Collected data
────────────────────

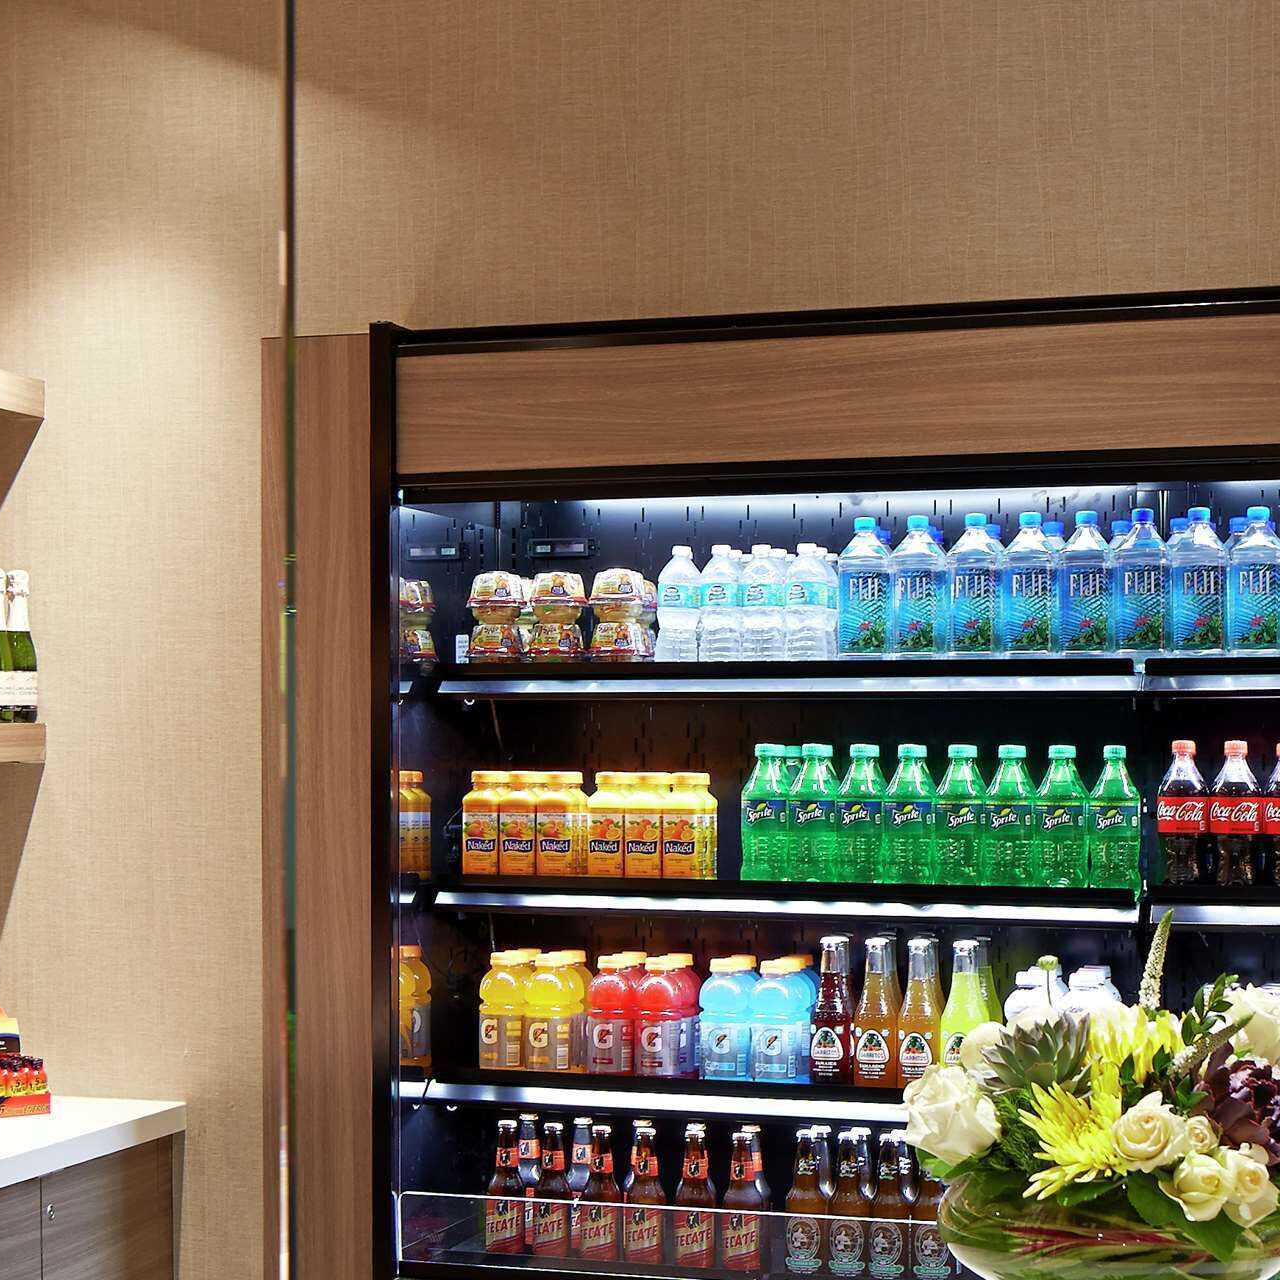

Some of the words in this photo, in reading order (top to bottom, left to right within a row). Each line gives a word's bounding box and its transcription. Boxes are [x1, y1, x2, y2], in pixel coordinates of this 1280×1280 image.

[849, 578, 879, 601] FIJI
[896, 577, 926, 600] FIJI
[955, 575, 986, 599] FIJI
[1012, 574, 1044, 597] FIJI
[1069, 573, 1101, 597] FIJI
[1124, 571, 1157, 594] FIJI
[1183, 571, 1216, 595] FIJI
[1239, 571, 1271, 594] FIJI
[747, 807, 773, 823] Sprite
[797, 807, 823, 823] Sprite
[842, 808, 869, 825] Sprite
[893, 809, 920, 825] Sprite
[948, 811, 975, 827] Sprite
[991, 812, 1018, 828] Sprite
[1043, 812, 1071, 829] Sprite
[1096, 813, 1124, 829] Sprite
[1157, 801, 1205, 822] Coca-Cola
[1210, 801, 1258, 822] Coca-Cola
[480, 1019, 499, 1045] G
[528, 1022, 549, 1048] G
[593, 1023, 614, 1049] G
[641, 1026, 663, 1052] G
[708, 1027, 732, 1054] G
[761, 1027, 784, 1054] G
[533, 1219, 563, 1236] ECATE
[724, 1231, 757, 1249] ECATE
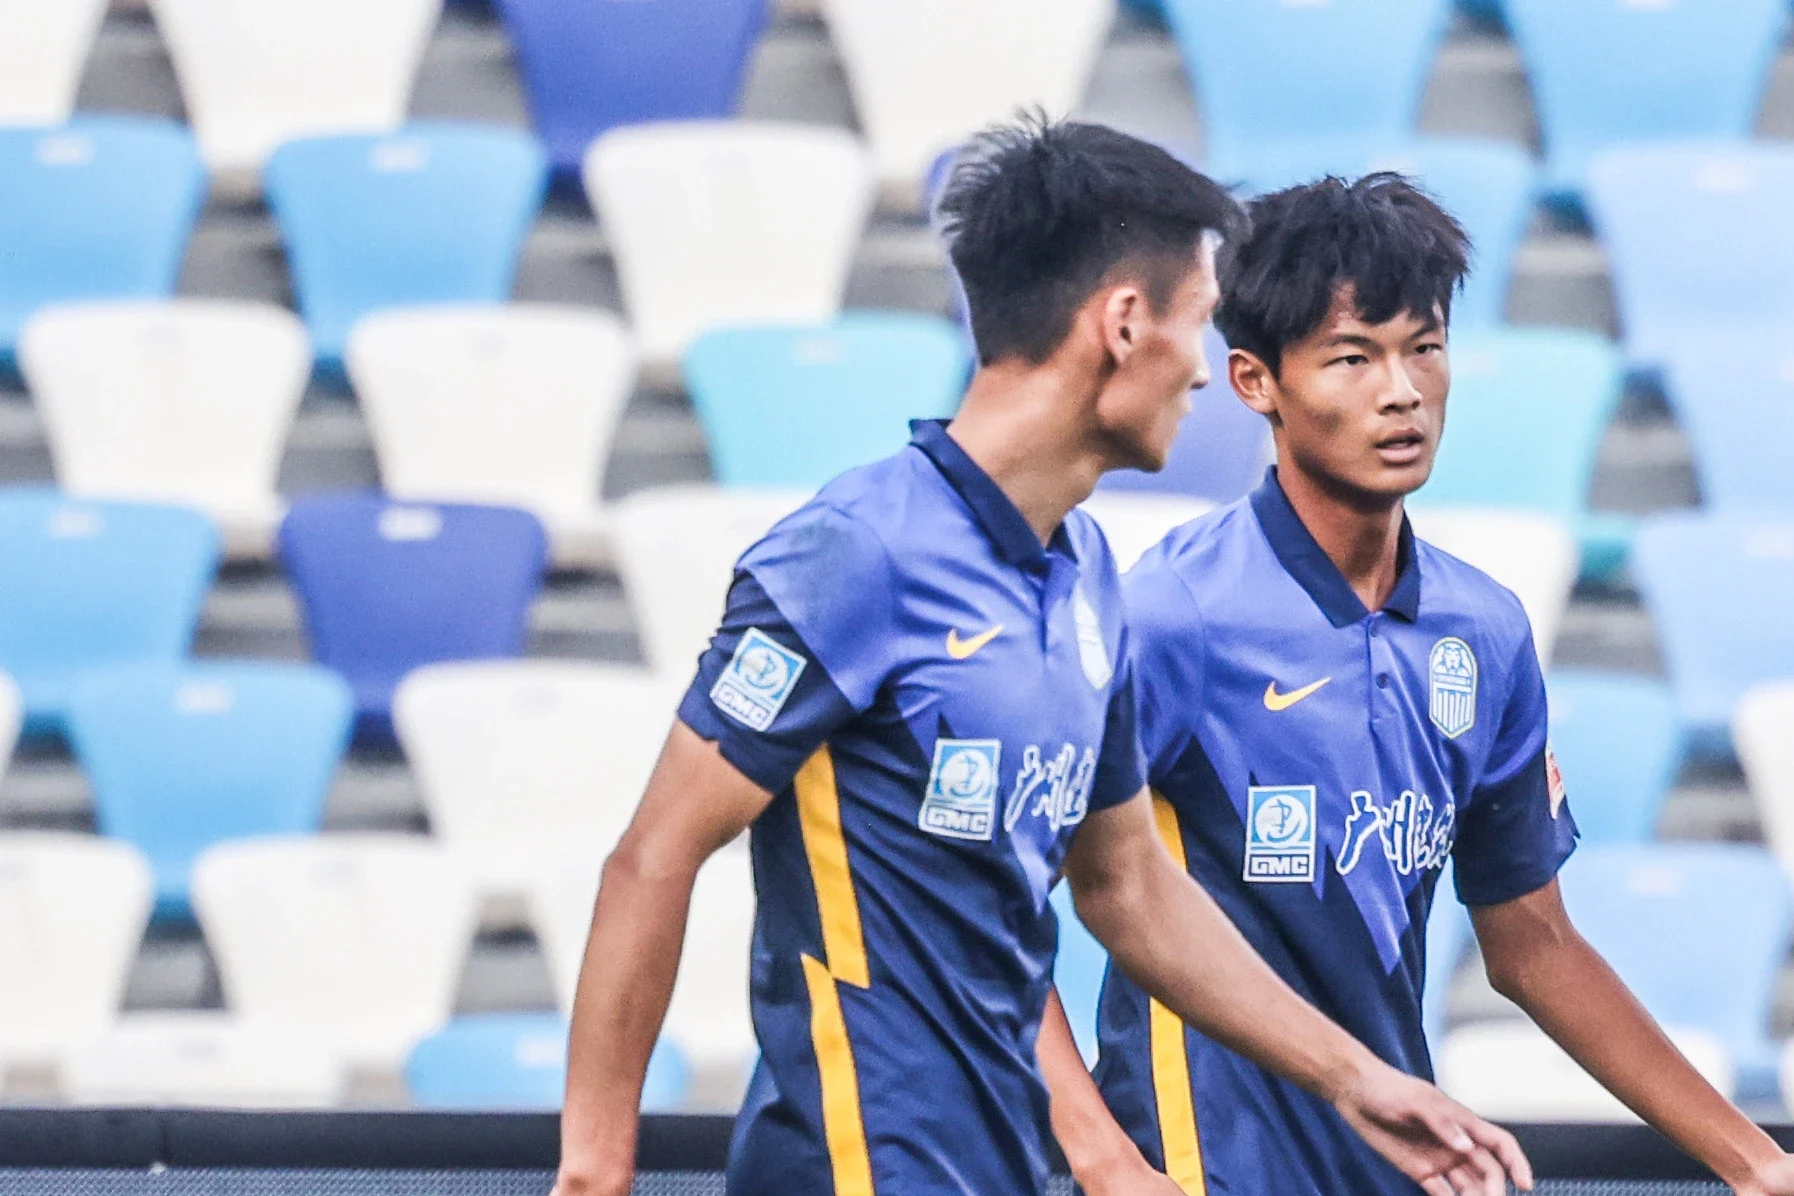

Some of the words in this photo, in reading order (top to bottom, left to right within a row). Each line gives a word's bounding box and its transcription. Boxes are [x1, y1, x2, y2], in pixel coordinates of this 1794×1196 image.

[715, 682, 772, 722] GMC
[928, 806, 988, 834] GMC
[1250, 855, 1310, 876] GMC
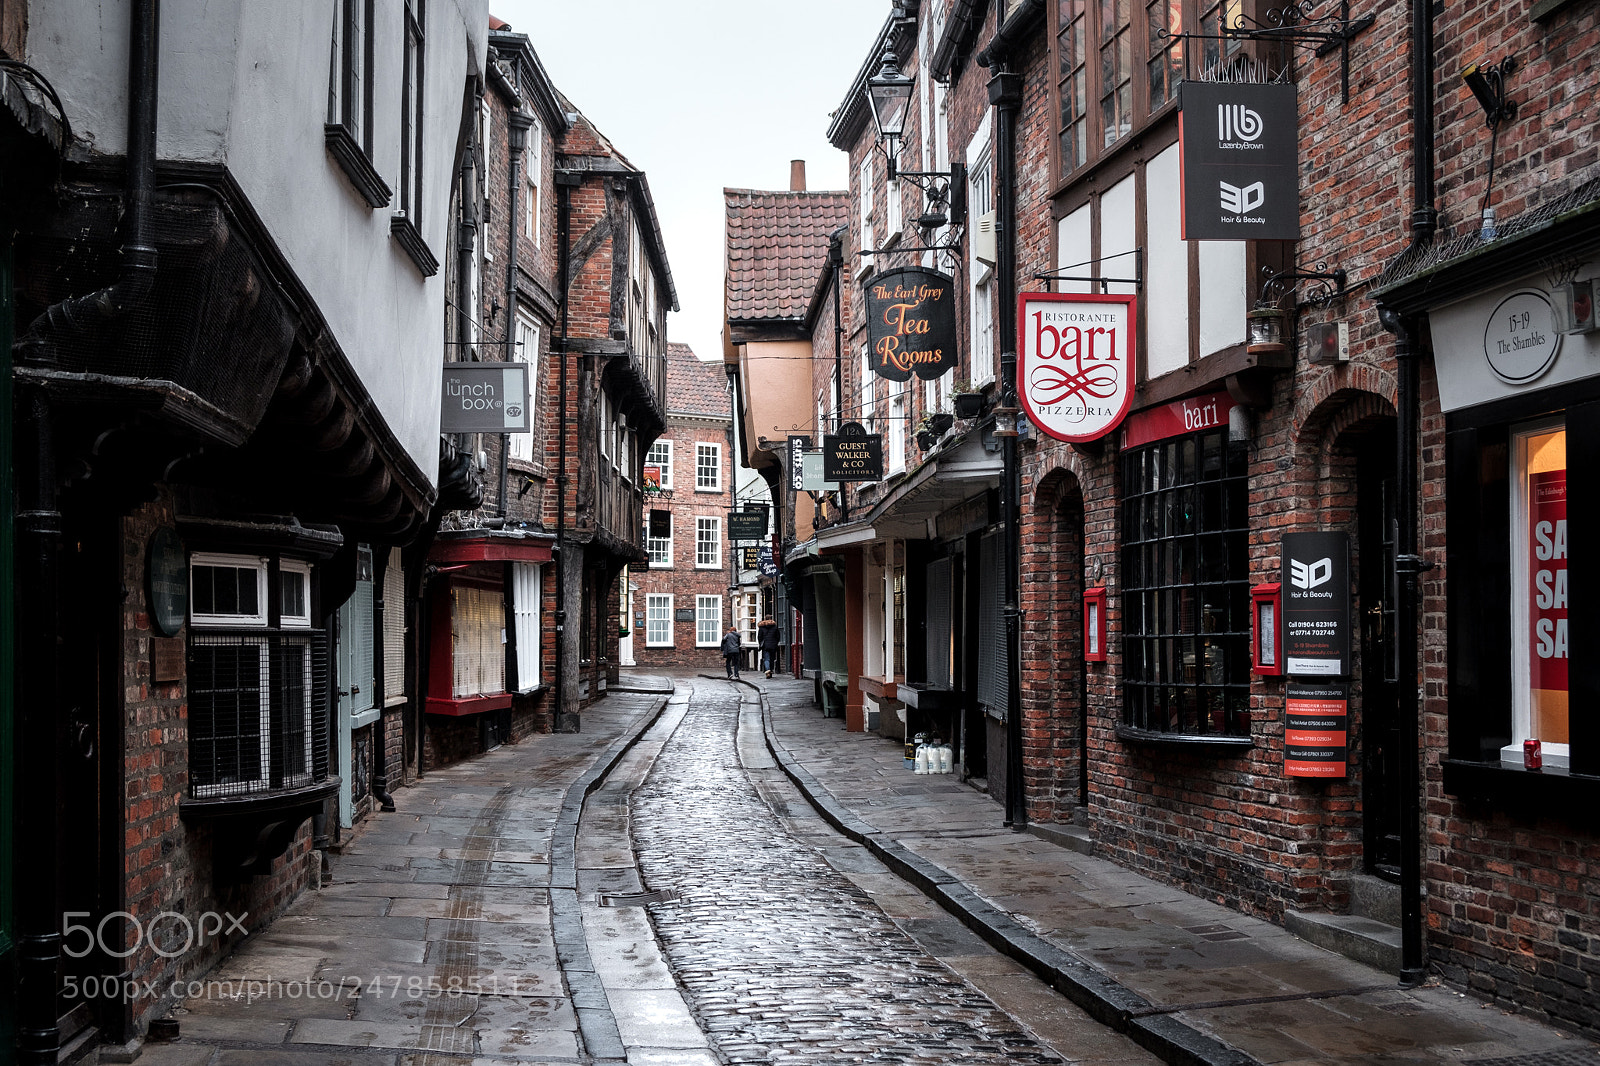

────────────────────

**ASSIGNMENT**
From the first line to the last, set down the data exactly, without the pictures.

**SOLUTION TO THIS EXERCISE**
Some of the words in this photo, in reading order (top to bottom, left to right within a row). Each line gives a word's bounding box and its transcription. Boxes are [x1, y1, x2, y2], in pixel coordinates of this 1280×1280 image.

[849, 578, 879, 601] FIJI
[896, 577, 926, 600] FIJI
[955, 575, 986, 599] FIJI
[1012, 574, 1044, 597] FIJI
[1069, 573, 1101, 597] FIJI
[1124, 571, 1157, 594] FIJI
[1183, 571, 1216, 595] FIJI
[1239, 571, 1271, 594] FIJI
[747, 807, 773, 823] Sprite
[797, 807, 823, 823] Sprite
[842, 808, 869, 825] Sprite
[893, 809, 920, 825] Sprite
[948, 811, 975, 827] Sprite
[991, 812, 1018, 828] Sprite
[1043, 812, 1071, 829] Sprite
[1096, 813, 1124, 829] Sprite
[1157, 801, 1205, 822] Coca-Cola
[1210, 801, 1258, 822] Coca-Cola
[480, 1019, 499, 1045] G
[528, 1022, 549, 1048] G
[593, 1023, 614, 1049] G
[641, 1026, 663, 1052] G
[708, 1027, 732, 1054] G
[761, 1027, 784, 1054] G
[533, 1219, 563, 1236] ECATE
[724, 1231, 757, 1249] ECATE

Some of the words in this photo, in reading order (top to bottom, left to right within a row). Each line gives a word's bounding box and its transcription. Boxes are [x1, y1, x2, y2], in pixel coordinates of this 1794×1196 image.

[715, 682, 772, 722] GMC
[928, 806, 988, 834] GMC
[1250, 855, 1310, 876] GMC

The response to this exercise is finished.